Zinc is the second most abundant “trace mineral” in the human body, right after iron. Its presence is determined in over 100 different enzymes in the body.
It is a powerful mineral that we need for a healthy immune system, for the proper functioning of thyroid hormones, sex hormones, and to maintain normal blood glucose (insulin) levels. Helps in the metabolism of the breakdown of carbohydrates for energy, but also in maintaining the health of the skin and nails. It also plays an important role in cell division and growth, wound healing, etc.
However, perhaps the most well-known positive effect of zinc in the body is its powerful effect in combating colds and other infections that develop, typically, in the cold months of the year. Zinc “fights” with harmful compounds that are constantly formed in the body as a result of various reactions – free radicals.
This antioxidant effect of zinc has a positive effect on overall human health, as well as immunity. Something that is additionally positive. Zinc is often found in plant foods. With that in mind, it is clear that most often when consuming foods rich in zinc, we also consume a range of more antioxidants and other beneficial components, naturally present in fruits, vegetables, and cereals.
Zinc and immunity
The immune system, as the body’s main defense mechanism against various infections and other threats, is of great importance for overall health. Lack of zinc in the body can lead to suppressed function of the immune response. Even a small deficiency can affect macrophages and neutrophils, the natural killer immune cells. The body also needs zinc to make T lymphocytes. Thus, some studies conducted in developing countries indicate that some severe pneumonia and other infections in patients are caused precisely by suppressed immunity as a result of zinc deficiency.
Function in wound healing
Zinc helps maintain the elasticity of the skin and mucous membrane, which is especially important in injuries. It also helps in the production of healthy hair, nails, and healthy skin cells.
Acute diarrhea is among the diseases with the highest mortality in children in developing countries. Dietary zinc deficiency may be one of the main causes of this disease. Zinc plays an important role in the immune response that is reduced in these children, so they are more susceptible to infections such as diarrhea.
Researchers have suggested that zinc in combination with some antioxidants may reduce the progression of vision loss in the elderly. This action takes place by preventing damage to the retinal cells in the eye.
Flu and different types of colds
Of course, given the effect of zinc on the proper functioning of the immune system and its capacity as a whole, it will indirectly affect the likelihood of developing and complications from the flu and various colds.
Thus, normal levels of zinc in the body are very important. Namely, one study determines a significant, direct impact of zinc in reducing the risk of complications or complete prevention of infections caused by viruses with varying degrees of danger.
Researchers have found that zinc can reduce the risk of severe infection and reduce the duration of symptoms. The mechanism of this action is still at the level of a hypothesis. The hypothesis is that this positive effect of zinc is due to its direct action of inhibiting or preventing the rhinovirus from binding and replicating in nasal tissue.
Several studies determine the positive effect of zinc on flu and colds
A survey was conducted on 50 respondents with flu symptoms. Every 5 hours, half of them took a zinc acetate tablet, while the others took a placebo tablet. Those who took zinc acetate tablets had a significantly reduced period of symptoms (cough, headache, runny nose, and body and muscle pain).
Another clinical study, for respondents had 273 volunteers who were infected with the flu. In the same way, half received zinc gluconate therapy and the other half a placebo tablet. The result was the same: a reduced period of symptoms.

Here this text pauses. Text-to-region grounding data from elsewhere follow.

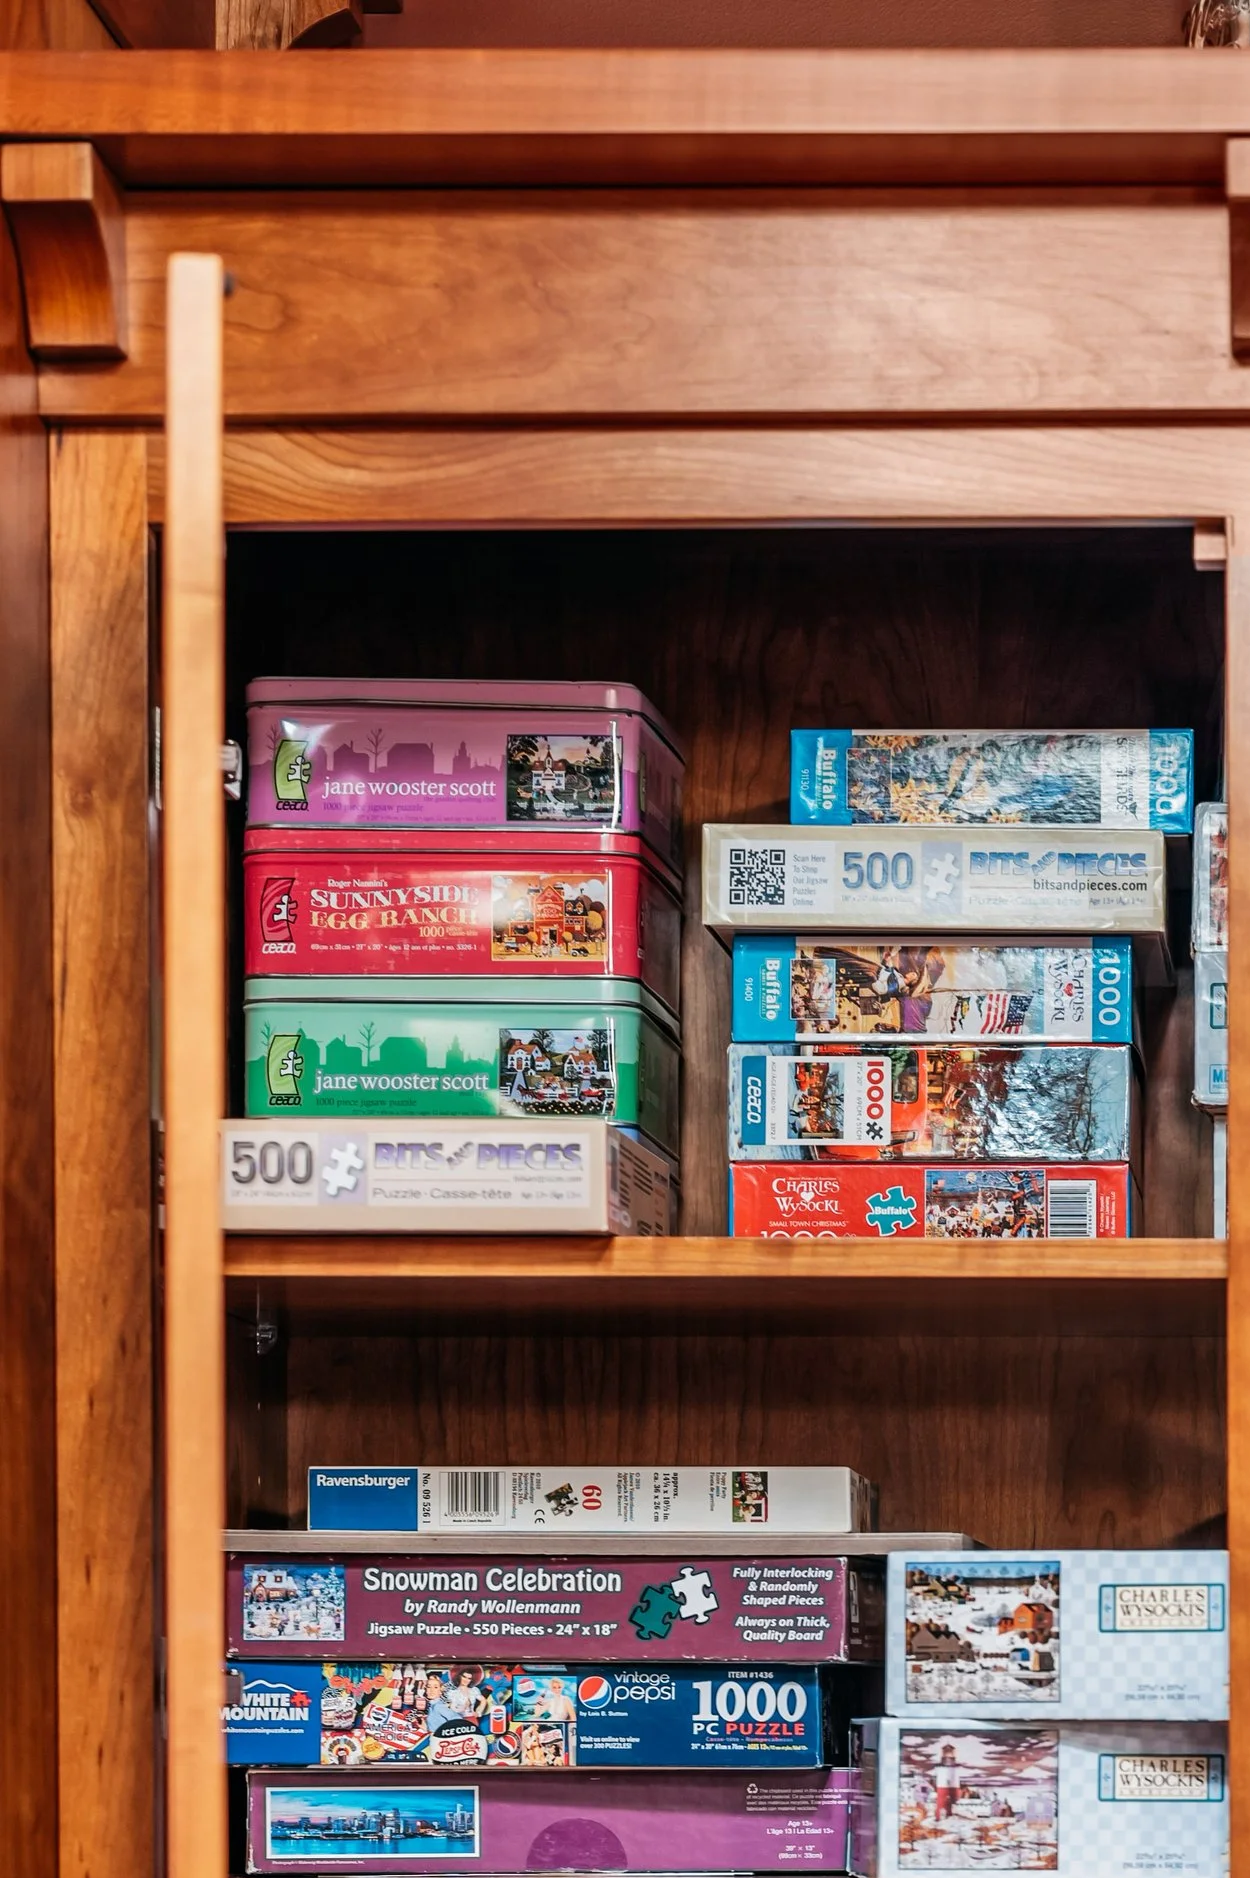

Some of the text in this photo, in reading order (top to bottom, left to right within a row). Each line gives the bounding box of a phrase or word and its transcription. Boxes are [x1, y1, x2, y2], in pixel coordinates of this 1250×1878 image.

[322, 777, 496, 799] jane wooster scott
[801, 768, 809, 790] 91130
[823, 749, 836, 810] Buffalo
[842, 852, 913, 889] 500
[970, 851, 1147, 876] BITS AND PIECES
[1033, 878, 1147, 892] bitsandpieces.com
[310, 886, 478, 909] SUNNYSIDE
[765, 959, 779, 1021] Buffalo
[1099, 952, 1120, 1026] 1000
[314, 1071, 488, 1093] jane wooster scott
[867, 1061, 884, 1119] 1000
[232, 1141, 314, 1184] 500
[373, 1188, 512, 1200] Puzzle Casse-tête
[317, 1474, 410, 1488] Ravensburger
[582, 1485, 602, 1510] 60
[364, 1568, 622, 1592] Snowman Celebration
[733, 1568, 833, 1580] Fully Interlocking
[748, 1581, 818, 1593] & Randomly
[1119, 1589, 1204, 1602] CHARLES
[404, 1599, 581, 1616] by Randy Wollenmann
[742, 1595, 824, 1607] Shaped Pieces
[1120, 1604, 1204, 1618] WYSOCKI'S
[735, 1616, 776, 1628] Always
[796, 1617, 830, 1628] Thick,
[743, 1630, 823, 1642] Quality Board
[614, 1672, 670, 1686] vintage
[614, 1683, 676, 1703] pepsi
[692, 1681, 807, 1722] 1000
[693, 1724, 804, 1735] PC PUZZLE
[1119, 1759, 1204, 1772] CHARLES

But in both studies, the severity of the symptoms remained the same for the duration.
Many other studies have similar results, but also those that do not show a positive effect. Therefore, further research is needed to determine the exact mechanism by which zinc acts on viral cells and their path in the body.
However, one should be careful, ie keep in mind that the surplus, ie excessive amounts of zinc (usually achieved by supplementation) in the body can cause harm.
Daily recommended intake and foods rich in zinc
The recommended daily intake of zinc for adult men is 11mg, and for women and children is 8mg (12mg for pregnant women).
Healthy foods rich in zinc:
- whole grains
The phytates that are often present in whole grain foods interfere with the absorption of zinc by binding to it. However, soaking this food in water for a few hours before preparation allows the availability of zinc after preparation.